TASK DESCRIPTION
Restate every line of the data word for word, except for the images.

ENTRIES SUPPLIED
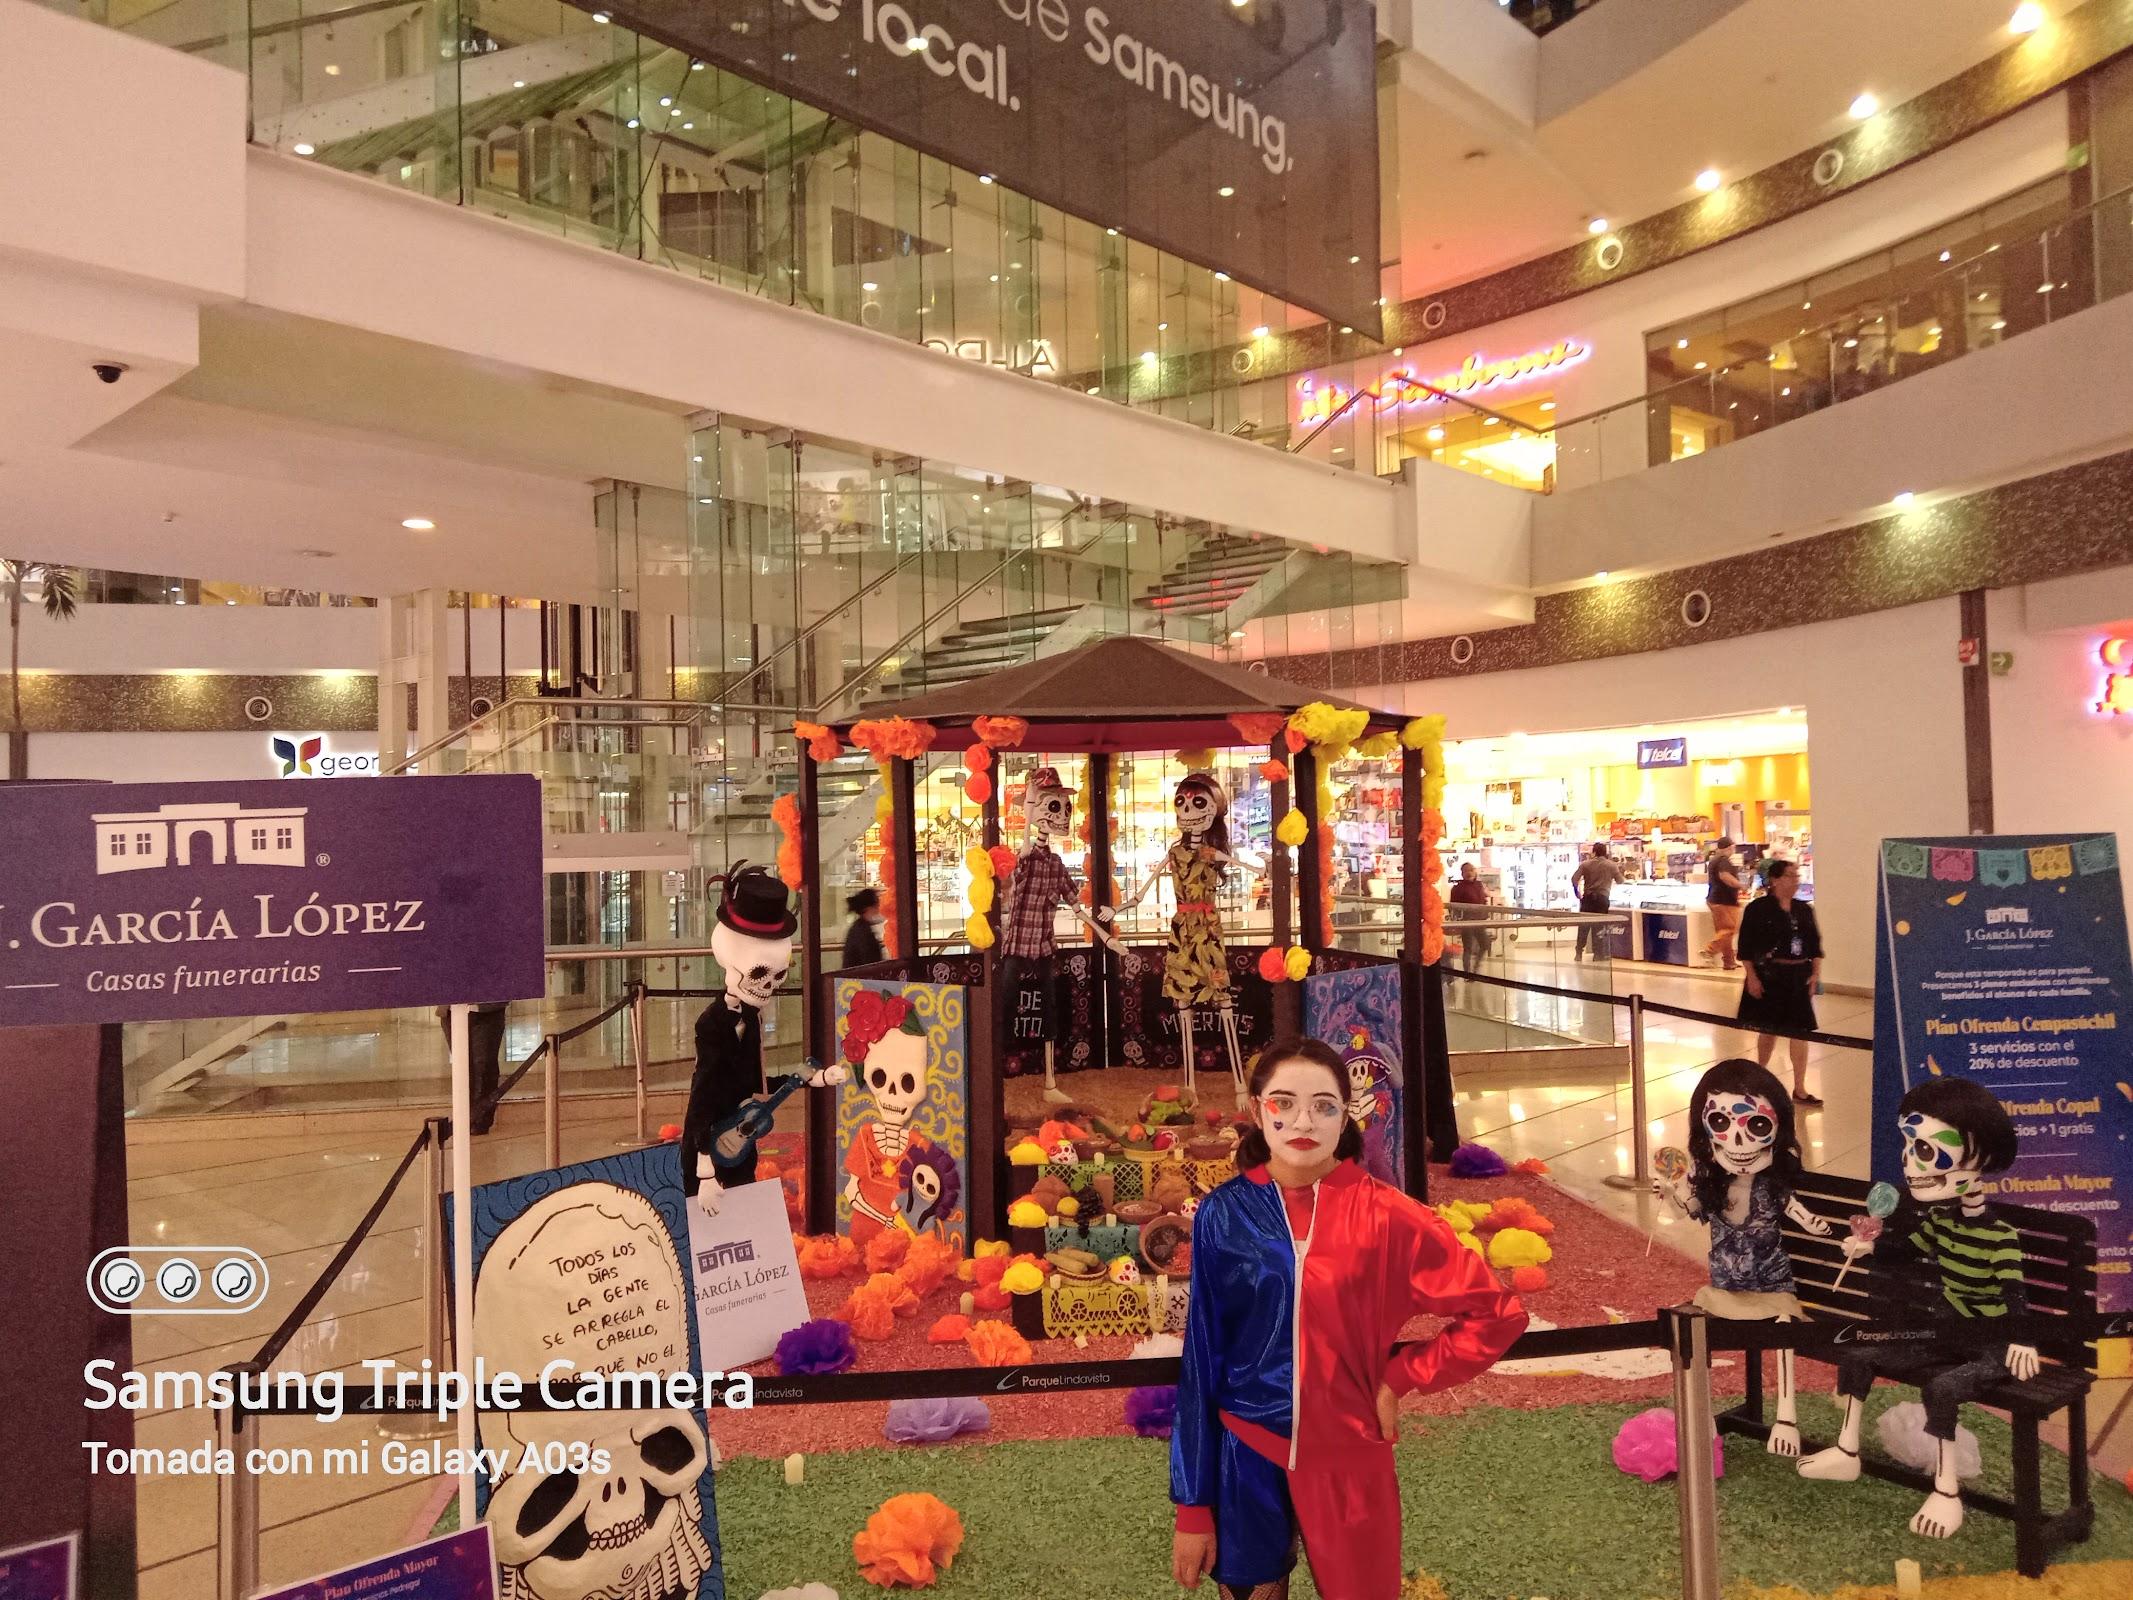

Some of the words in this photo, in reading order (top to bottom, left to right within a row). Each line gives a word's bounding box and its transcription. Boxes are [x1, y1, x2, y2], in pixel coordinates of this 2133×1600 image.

[862, 0, 1021, 112] local.
[31, 897, 238, 948] GARCÍA
[253, 892, 427, 939] LÓPEZ
[86, 970, 166, 993] Casas
[173, 960, 321, 995] funerarias
[1926, 1020, 1958, 1035] Plan
[1960, 1017, 2020, 1034] Ofrenda
[1969, 1043, 1978, 1054] 3
[1980, 1040, 2037, 1054] servicios
[2038, 1042, 2060, 1052] con
[2063, 1039, 2075, 1051] el
[1969, 1057, 1995, 1070] 20%
[1996, 1057, 2013, 1068] de
[2015, 1055, 2080, 1067] descuento
[2056, 1096, 2101, 1117] Copal
[2058, 1122, 2095, 1137] gratis
[2001, 1175, 2062, 1193] Ofrenda
[2050, 1199, 2120, 1212] descuento
[549, 1249, 605, 1277] TODOS
[612, 1242, 636, 1258] LOS
[588, 1266, 619, 1285] DÍAS
[745, 1265, 790, 1288] LÓPEZ
[567, 1297, 592, 1315] LA
[603, 1278, 649, 1303] GENTE
[705, 1303, 727, 1316] Casas
[727, 1292, 767, 1311] funerarias
[542, 1332, 565, 1350] SE
[573, 1305, 645, 1337] ARREGLA
[655, 1299, 670, 1311] EL
[596, 1324, 658, 1351] CABELLO,
[636, 1352, 658, 1369] NO
[663, 1344, 676, 1358] EL
[1022, 1373, 1110, 1388] ParqueLindavista
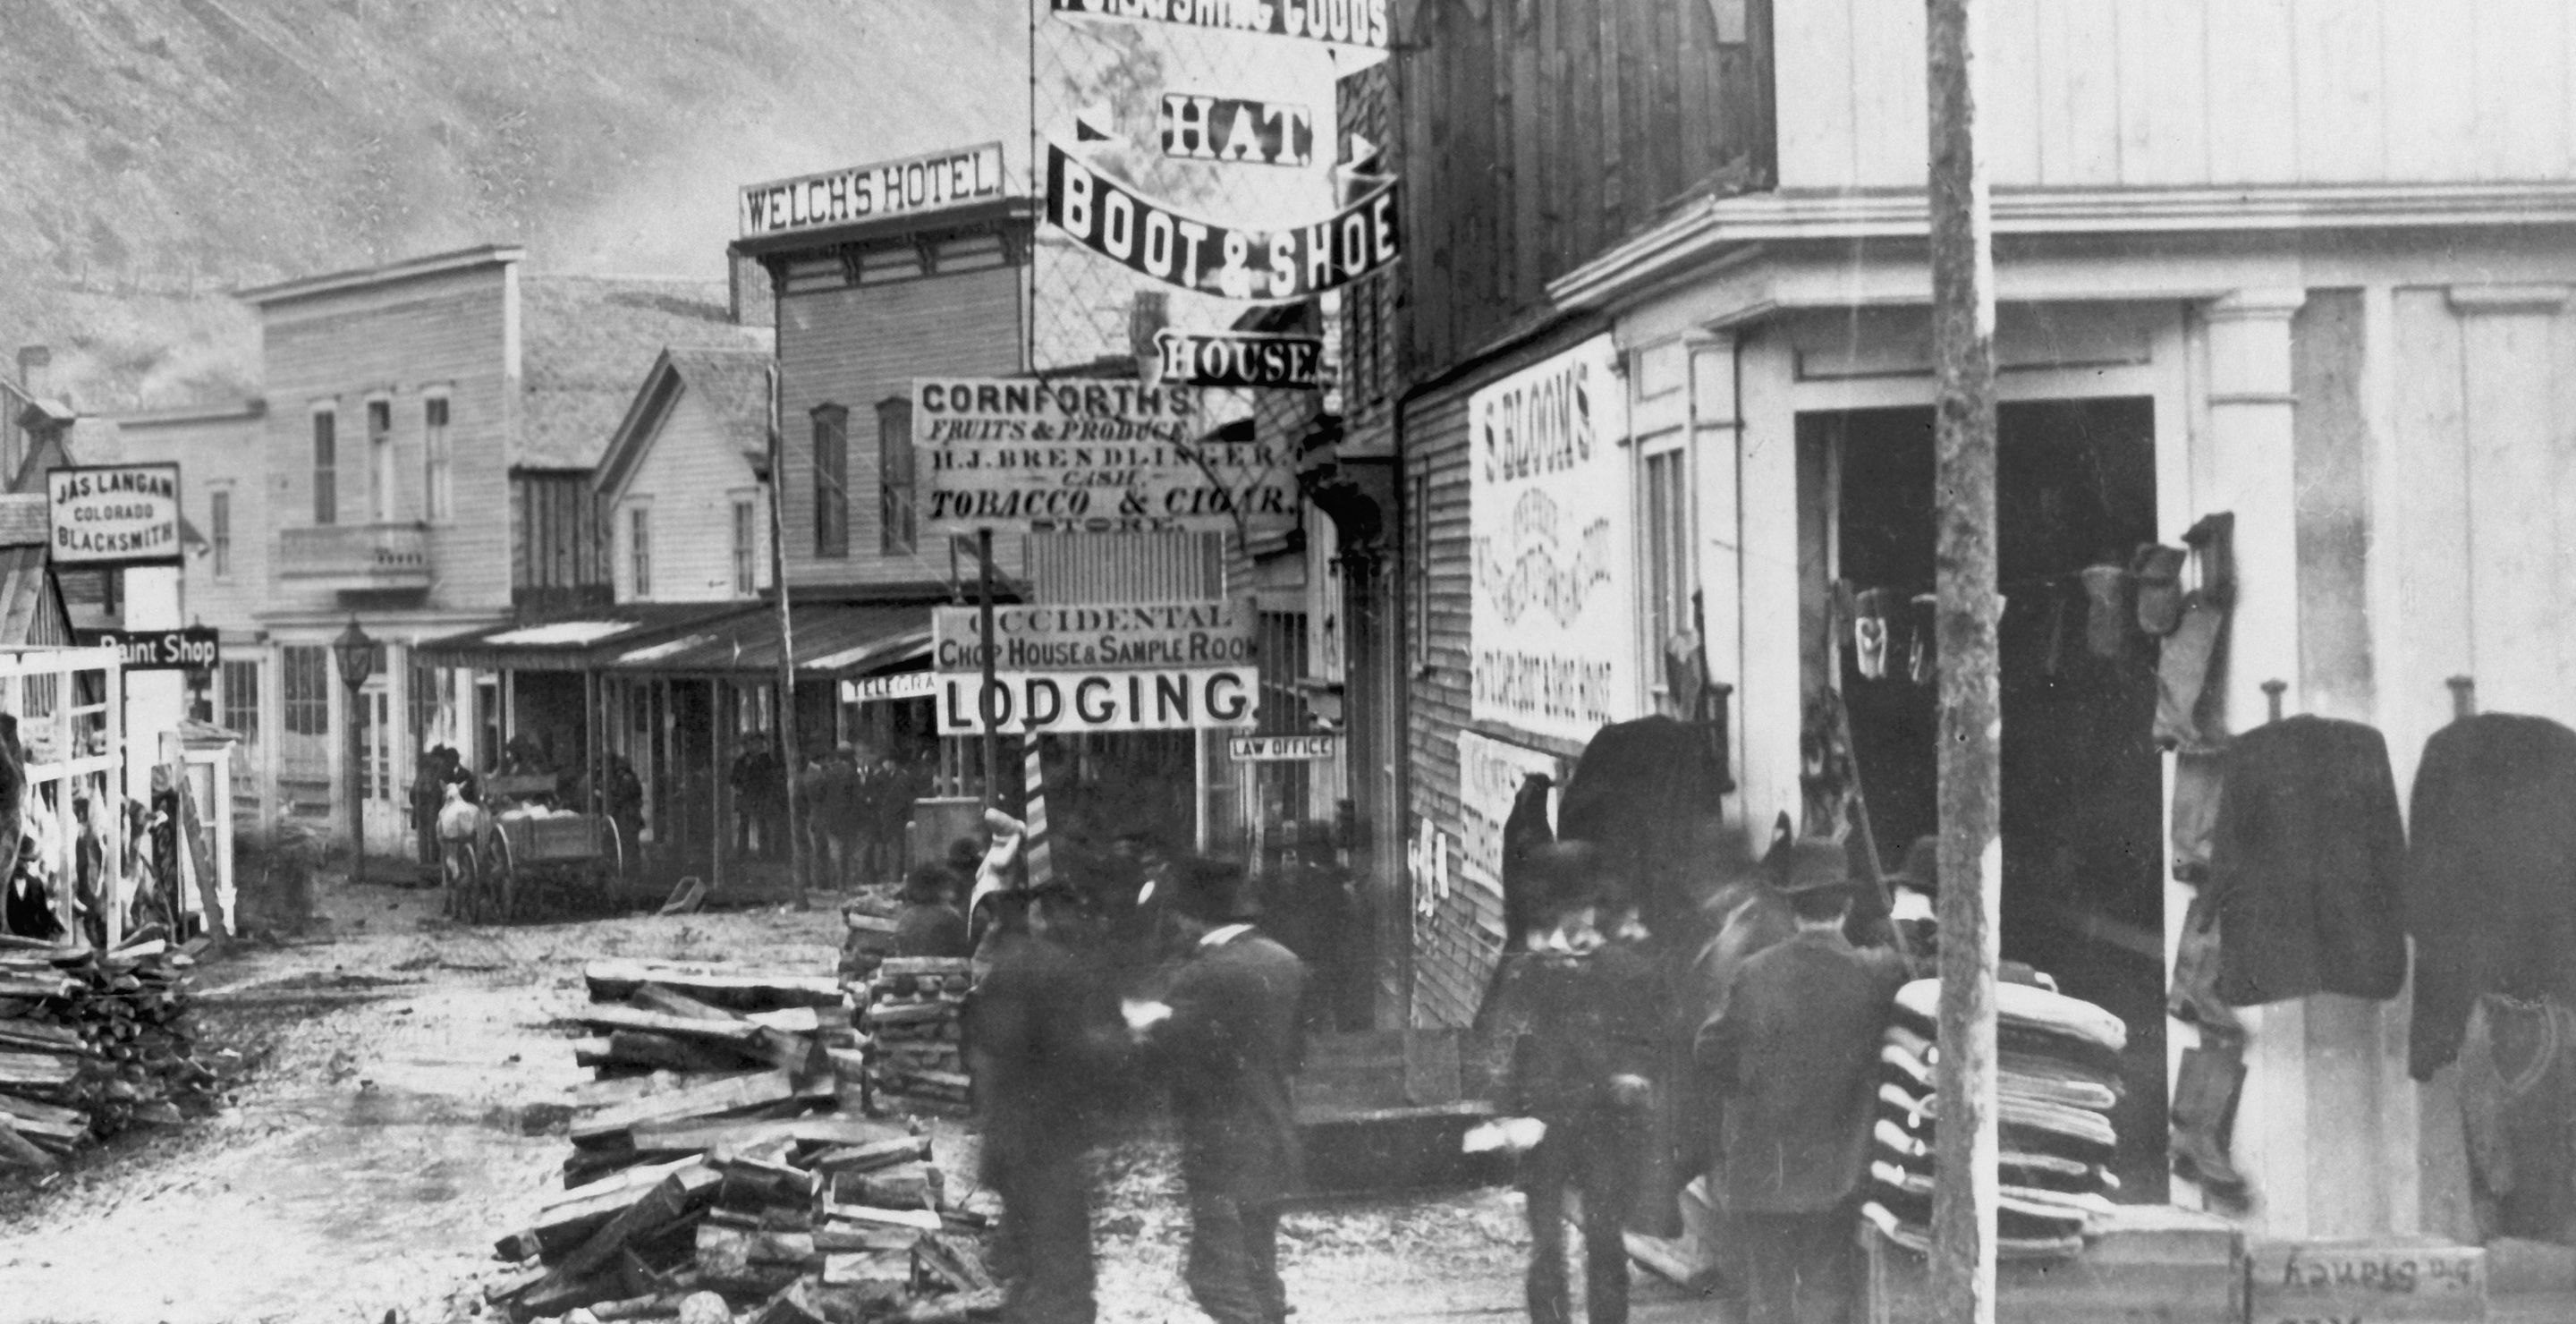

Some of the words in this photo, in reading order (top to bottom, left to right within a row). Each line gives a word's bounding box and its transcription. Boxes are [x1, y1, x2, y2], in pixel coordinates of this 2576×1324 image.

[1062, 156, 1208, 289] BOOT
[1220, 230, 1250, 299] &
[1269, 192, 1395, 298] SHOE
[929, 419, 1028, 446] FRUITS
[1030, 419, 1055, 441] &
[97, 473, 174, 497] LANGAN
[74, 503, 154, 523] COLORADO
[928, 488, 1091, 521] TOBACCO
[1118, 488, 1146, 515] &
[58, 522, 174, 553] BLACKSMITH
[164, 634, 216, 668] Shop
[1008, 637, 1080, 666] HOUSE
[1083, 644, 1097, 666] &
[1099, 634, 1184, 664] SAMPLE
[1233, 737, 1266, 757] LAW
[1272, 736, 1331, 756] OFFICE
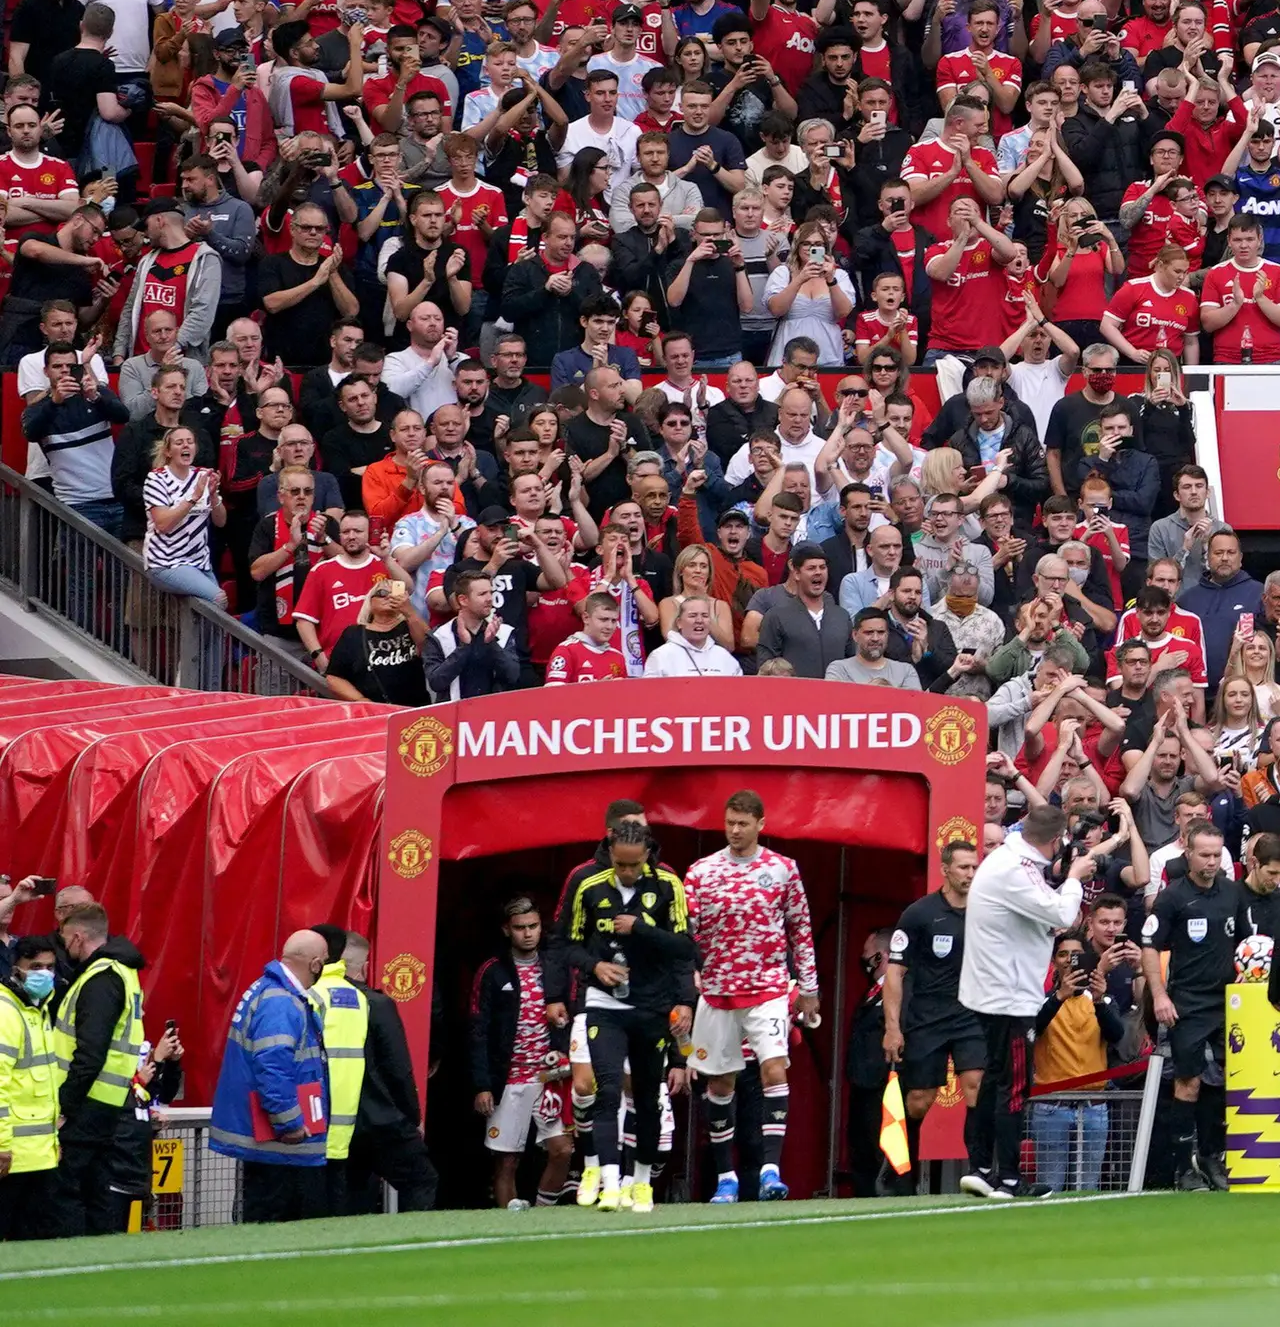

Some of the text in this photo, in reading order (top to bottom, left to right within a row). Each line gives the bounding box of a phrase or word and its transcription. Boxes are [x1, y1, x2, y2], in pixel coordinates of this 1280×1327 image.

ANSWER SPACE
Some of the words in this photo, in reading order (top to bottom, left to right within a row). Each line gives a word's bounding box and its transcription. Boxes are [x1, y1, x2, y2], in pixel coordinates of this 2133×1600 image.

[862, 0, 1021, 112] local.
[31, 897, 238, 948] GARCÍA
[253, 892, 427, 939] LÓPEZ
[86, 970, 166, 993] Casas
[173, 960, 321, 995] funerarias
[1926, 1020, 1958, 1035] Plan
[1960, 1017, 2020, 1034] Ofrenda
[1969, 1043, 1978, 1054] 3
[1980, 1040, 2037, 1054] servicios
[2038, 1042, 2060, 1052] con
[2063, 1039, 2075, 1051] el
[1969, 1057, 1995, 1070] 20%
[1996, 1057, 2013, 1068] de
[2015, 1055, 2080, 1067] descuento
[2056, 1096, 2101, 1117] Copal
[2058, 1122, 2095, 1137] gratis
[2001, 1175, 2062, 1193] Ofrenda
[2050, 1199, 2120, 1212] descuento
[549, 1249, 605, 1277] TODOS
[612, 1242, 636, 1258] LOS
[588, 1266, 619, 1285] DÍAS
[745, 1265, 790, 1288] LÓPEZ
[567, 1297, 592, 1315] LA
[603, 1278, 649, 1303] GENTE
[705, 1303, 727, 1316] Casas
[727, 1292, 767, 1311] funerarias
[542, 1332, 565, 1350] SE
[573, 1305, 645, 1337] ARREGLA
[655, 1299, 670, 1311] EL
[596, 1324, 658, 1351] CABELLO,
[636, 1352, 658, 1369] NO
[663, 1344, 676, 1358] EL
[1022, 1373, 1110, 1388] ParqueLindavista

Some of the words in this photo, in reading order (top to bottom, left to right within a row). Each line gives a word's bounding box and its transcription. Boxes are [x1, y1, x2, y2], in pixel coordinates of this 2576×1324 image.

[1062, 156, 1208, 289] BOOT
[1220, 230, 1250, 299] &
[1269, 192, 1395, 298] SHOE
[929, 419, 1028, 446] FRUITS
[1030, 419, 1055, 441] &
[97, 473, 174, 497] LANGAN
[74, 503, 154, 523] COLORADO
[928, 488, 1091, 521] TOBACCO
[1118, 488, 1146, 515] &
[58, 522, 174, 553] BLACKSMITH
[164, 634, 216, 668] Shop
[1008, 637, 1080, 666] HOUSE
[1083, 644, 1097, 666] &
[1099, 634, 1184, 664] SAMPLE
[1233, 737, 1266, 757] LAW
[1272, 736, 1331, 756] OFFICE

Some of the text in this photo, in reading order (top to bottom, left to right within a row). Each line gives the bounding box of a phrase or word and its transcription. Boxes are [x1, y1, x2, y2], in pixel coordinates of this 1280×1327 image.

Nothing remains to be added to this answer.